Juliet: [00:41:13] I love that. That’s a great answer.
Kelly: [00:41:13] We’re running into not always to put it into the framework of sport, but I think it’s such a common way for people to understand themselves because the easiest bar of entry is to get uncomfortable or to compete or something. One of the things we’re noticing is that there is a definitive lack of resiliency when faced with adversity and change. We’re seeing kids in high school and going to college struggle with winning, not winning. They’ve been the best forever, suddenly they’re not the best. We have our friends’ children not getting into med school. They’ve crushed everything in their lives and suddenly the system isn’t working for them. I know you kind of answered this obliquely, but it seems like do we have to be hyper meta about process all the time or can we be experiential where we can dose out some of these dissonant moments? Do we have to all do an escape room where Juliet’s the boss and I’m fighting the boss and we have to talk? Is that the only way through? Or do you think there are bread crumbs of behaviors that can set us up for having this conversation? Because I’m not sure my 15 year old’s ready to have this conversation with me yet.

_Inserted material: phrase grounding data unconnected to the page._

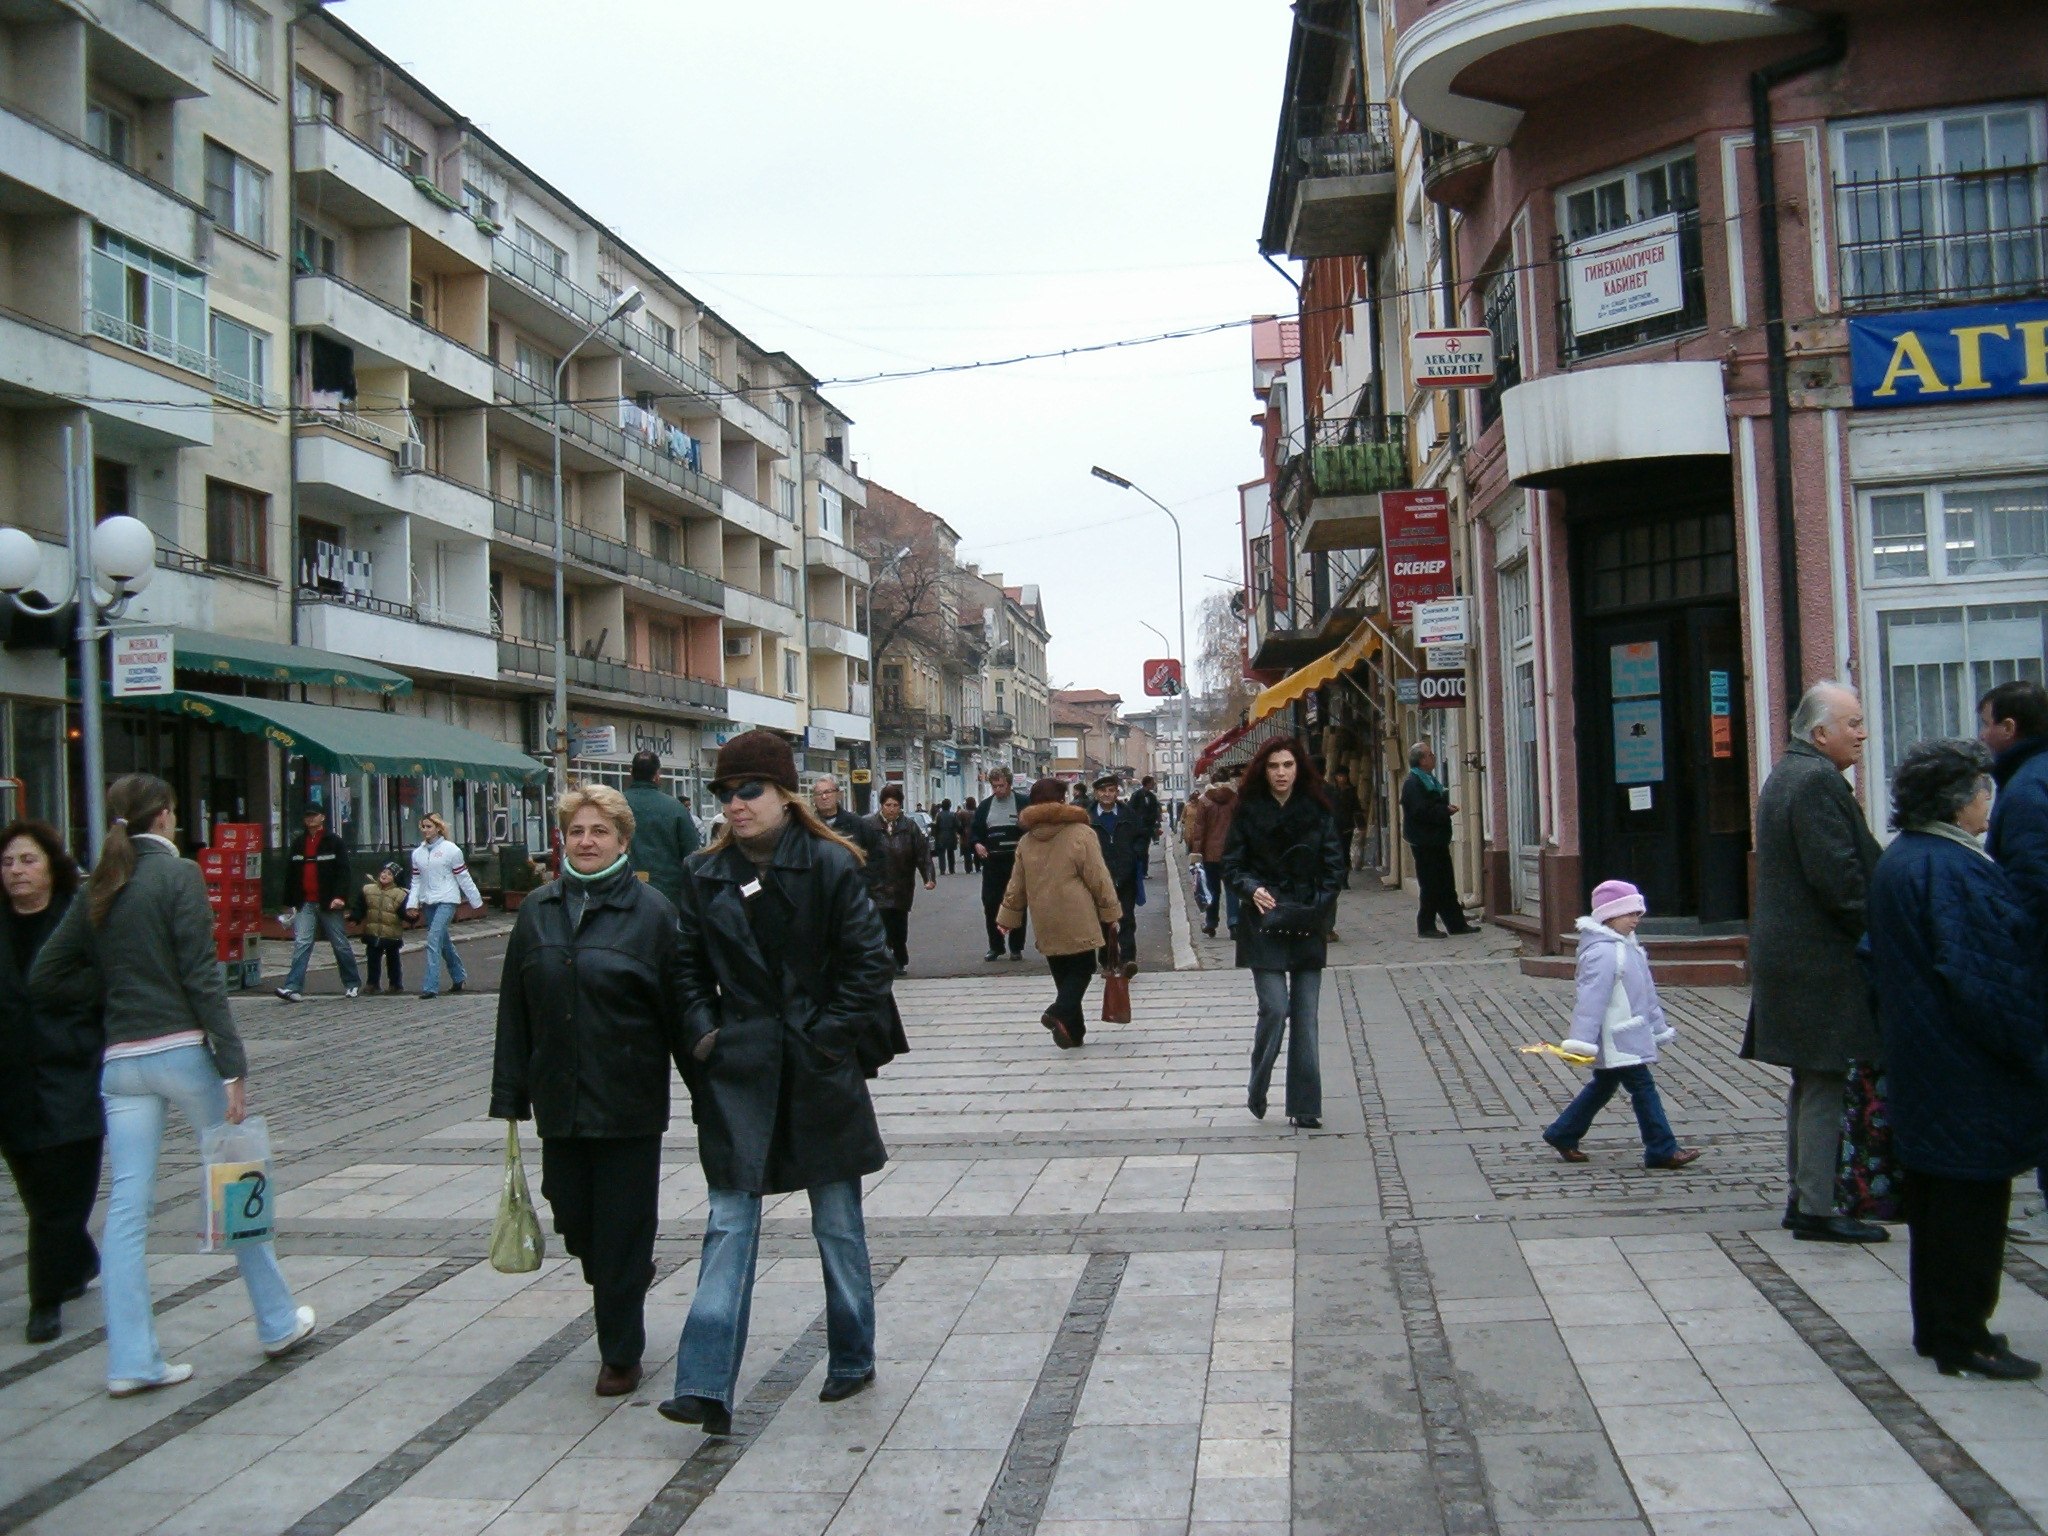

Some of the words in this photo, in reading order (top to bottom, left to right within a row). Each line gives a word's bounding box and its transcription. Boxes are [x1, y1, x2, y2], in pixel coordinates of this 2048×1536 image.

[1584, 245, 1666, 282] ГИНЕКОЛОГИЧЕН
[1603, 270, 1649, 297] КАБИНЕТ
[1424, 352, 1485, 365] ЛЕКАРСКИ
[1427, 364, 1481, 376] КАБИНЕТ
[1393, 560, 1447, 576] СКЕНЕР

Brad Stulberg: [00:42:33] Parenting, yeah. This is tough. I think there are bread crumbs. I think the first thing is just love your kid regardless and work really hard not to tie that love to any kind of behavior, which sounds easy but is so hard to do when the rubber meets the road. I mean I write books on this stuff and my five-year-old got really into basketball and it took so much effort not to show up more excited when he was playing basketball than when he was playing Pokémon because I didn’t want him to think, oh, dad likes when I’m playing basketball and making shots, so therefore I need to play basketball and make shots. And I’m only sharing this because it required tons of restraint. But no, I’m just going to love you the same. Even though inside I’m like, yeah, future MJ. And he’s five. And I write about this. And if I think and write about this all the time, imagine how hard it is for somebody that doesn’t think and write about it all the time. So I think that’s one bread crumb.

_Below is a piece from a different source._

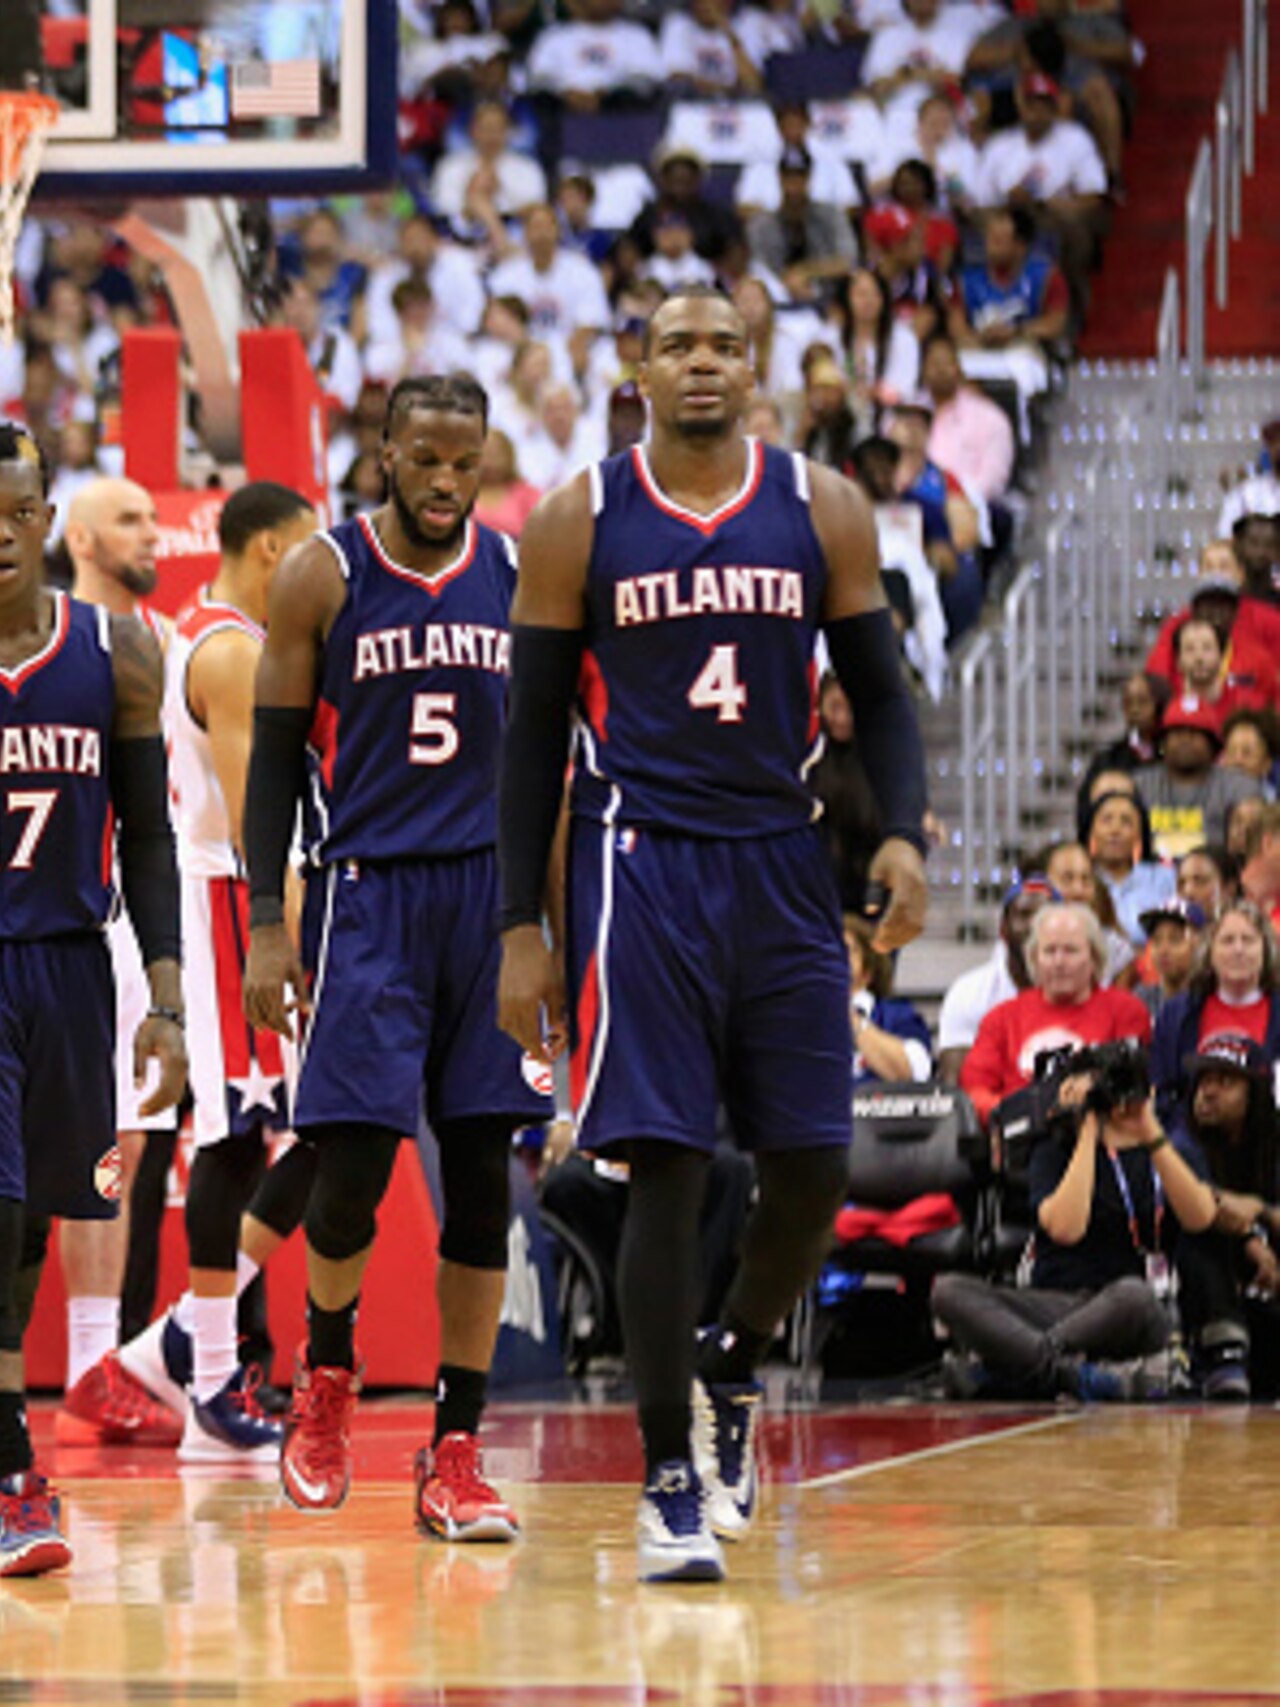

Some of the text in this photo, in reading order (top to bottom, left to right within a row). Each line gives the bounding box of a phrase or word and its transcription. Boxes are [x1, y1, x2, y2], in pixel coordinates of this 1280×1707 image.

[613, 565, 804, 627] ATLANTA
[352, 623, 512, 683] ATLANTA
[687, 643, 747, 724] 4
[407, 692, 461, 765] 5

I think another bread crumb is—and I know you all have talked about this on the podcast—Kelly, I think you’ve written about this a little. But I think back to this nondual thinking, I think we’ve kind of lost the plot societally. But 10 years ago, it was tough it out, mental illness doesn’t exist, think positive thoughts, you’ll be fine. The pendulum swung so hard in the other direction, which is really good for destigmatizing things, and I think has been a huge net positive. But destigmatizing something isn’t the same as making it better. And I think that we need to destigmatize and teach our kids that it’s okay to be frustrated and feel all these things and fail. And that doesn’t mean that the solution is despair and becoming a victim. It means that’s part of the human experience. And holding both of those things at once.

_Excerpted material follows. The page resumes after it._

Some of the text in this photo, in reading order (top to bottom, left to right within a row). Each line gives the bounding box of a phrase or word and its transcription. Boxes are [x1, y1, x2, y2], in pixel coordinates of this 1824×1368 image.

I distinctly remember when Simone Biles made the decision to pull out of the Olympics. It was like a watershed moment for mental health. And on the one hand, I thought it was great and I think Simone Biles absolutely made the right decision because she is the world’s best. No one knows it better than her. The last thing she needs is a white dude like me telling her you made the wrong decision. And she is in a situation where if she has the twisties and she goes for something, she can seriously injure herself, potentially end her life and her ability to move. So that was the right choice. What I took issue with were all of these articles in the pop culture about it’s okay to quit and the power of quitting. And then I had my friends who coach high school cross country saying that they’ve got these kids who don’t want to run the 800 because they’re scared they’re going to lose and they cite Simone Biles and they say, well, she quit, and that was really strong of her. And I think that’s where we lost the plot, where it does take a lot of strength to step out and know your limits, but it also takes a lot of strength to do the hard thing even when you’re scared. And I think that sometimes we take a hammer and everything looks like a nail. And I think that’s where the pendulum has swung a little bit too far on “self care.” Because for a kid, sometimes the self care thing to do if you’re playing the long game is actually go do the hard thing.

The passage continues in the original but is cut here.